Il 18 marzo, a Auxerre, aveva incontrato il maresciallo Ney, fresco della promessa fatta al re di riportargli il Bonaparte in una gabbia di ferro, e anche Ney si era unito al suo vecchio padrone: al momento era quindi chiaro chi la stesse spuntando, sebbene circolasse la voce che il vecchio monarca si stava apprestando a difendere la capitale.
«La sola armata che poteva impiegare ora è mia» aveva commentato laconico Napoleone. «Sono sbarcato con novecento uomini e adesso ne ho trentamila… Sono sicuro riguardo a Parigi: Luigi XVIII è troppo furbo per aspettarmi alle Tuileries.» Infatti, nella notte del 19, il Borbone aveva lasciato la città per mettersi al sicuro in Belgio, a Gand, sotto la protezione inglese. Napoleone, che aveva saputo della fuga alle sette di mattina del 20, arrivò a palazzo in serata, portato a braccia dalla folla esultante.

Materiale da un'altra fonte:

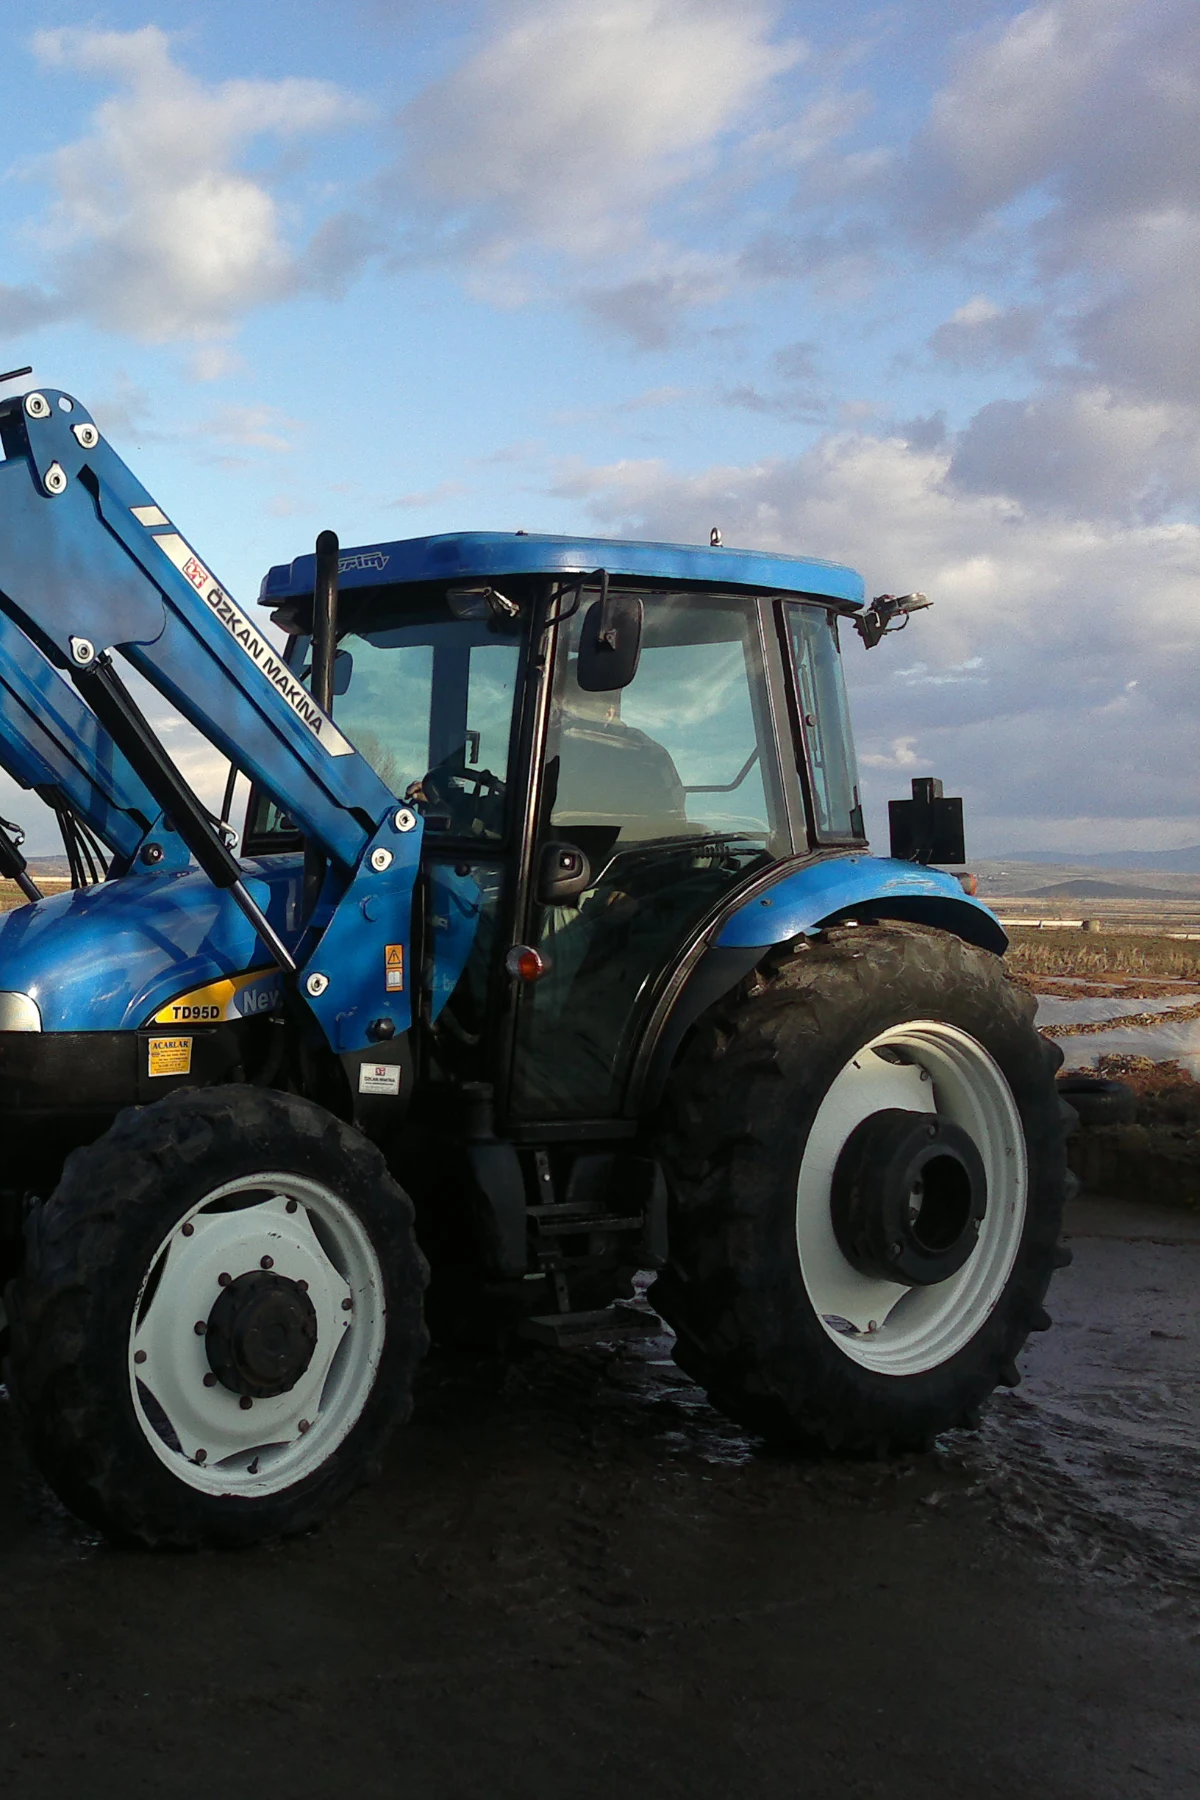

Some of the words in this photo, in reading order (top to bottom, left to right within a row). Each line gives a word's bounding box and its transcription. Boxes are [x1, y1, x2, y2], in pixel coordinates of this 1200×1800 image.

[206, 588, 264, 660] ÖZKAN
[262, 656, 323, 735] MAKİNA
[172, 1005, 220, 1020] TD95D

Il suo primo valletto, Louis Joseph Marchand, lo aveva preceduto di qualche ora per preparargli l’alloggio e in seguito avrebbe scritto: «Alla Cour de France ho trovato le carrozze dell’imperatore, gli scudieri, la servitù. Nessun segno che un altro sovrano avesse abitato a palazzo: tutto il personale era al suo posto e sembrava solo che Sua maestà stesse tornando da un lungo viaggio».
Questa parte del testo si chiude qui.